• _Work required_
Transcribe, word for word, all of the entries below, and exclude any pictures from the copy.

• _Input material_
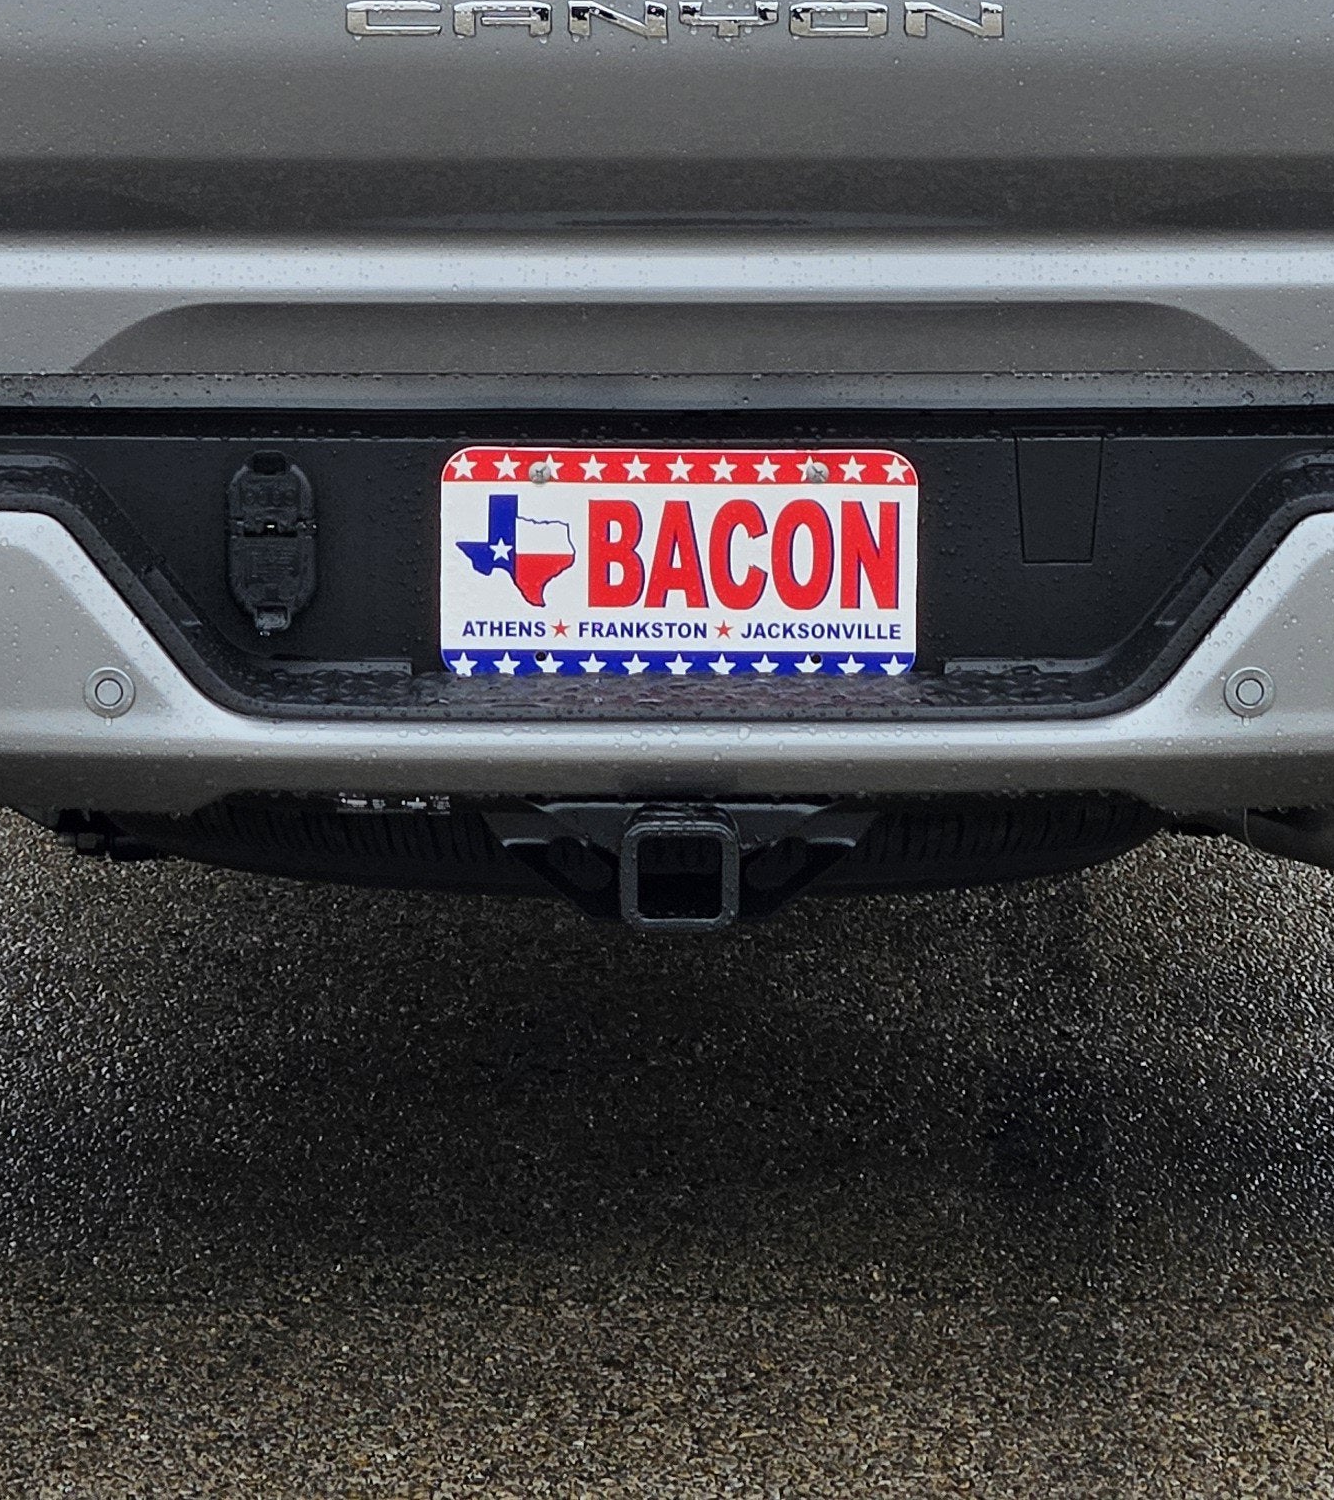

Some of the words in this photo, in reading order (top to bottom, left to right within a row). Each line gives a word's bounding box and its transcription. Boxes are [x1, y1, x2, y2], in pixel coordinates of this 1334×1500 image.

[344, 0, 1006, 39] CANYON
[587, 498, 901, 611] BACON
[461, 619, 547, 638] ATHENS
[578, 621, 708, 640] FRANKSTON
[740, 621, 902, 641] JACKSONVILLE
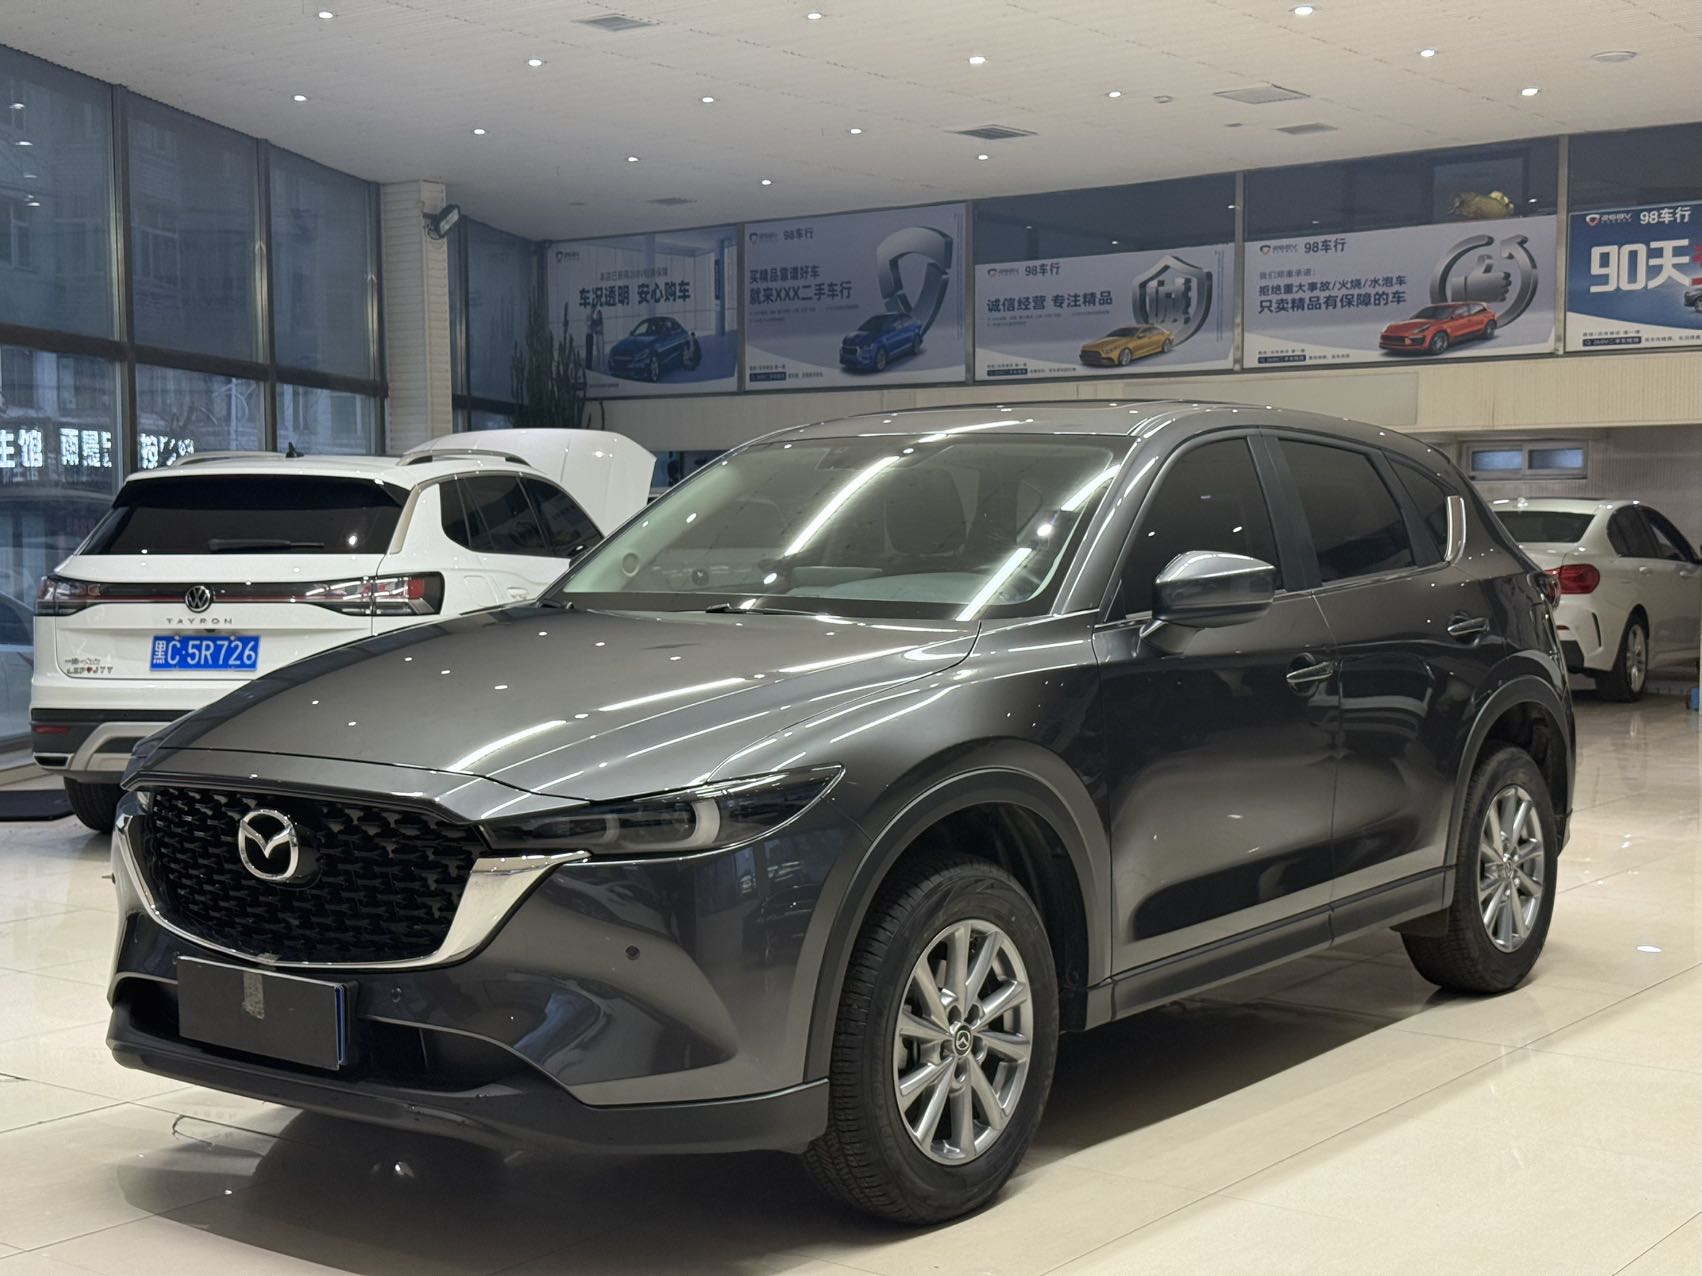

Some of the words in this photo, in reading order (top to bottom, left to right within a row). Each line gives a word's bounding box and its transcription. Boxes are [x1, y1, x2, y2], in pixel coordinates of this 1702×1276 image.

• _Solution to this exercise_
Some of the words in this photo, in reading order (top to bottom, left to right within a row). Each line gives a word's bounding box and its transcription. Boxes are [x1, y1, x2, y2], in pixel coordinates of this 1334×1500 image.

[344, 0, 1006, 39] CANYON
[587, 498, 901, 611] BACON
[461, 619, 547, 638] ATHENS
[578, 621, 708, 640] FRANKSTON
[740, 621, 902, 641] JACKSONVILLE

Some of the words in this photo, in reading order (top to bottom, left to right within a row). Each line gives a word's bounding box and its transcription. Boxes are [x1, y1, x2, y2], in pixel coordinates of this 1702×1276 image.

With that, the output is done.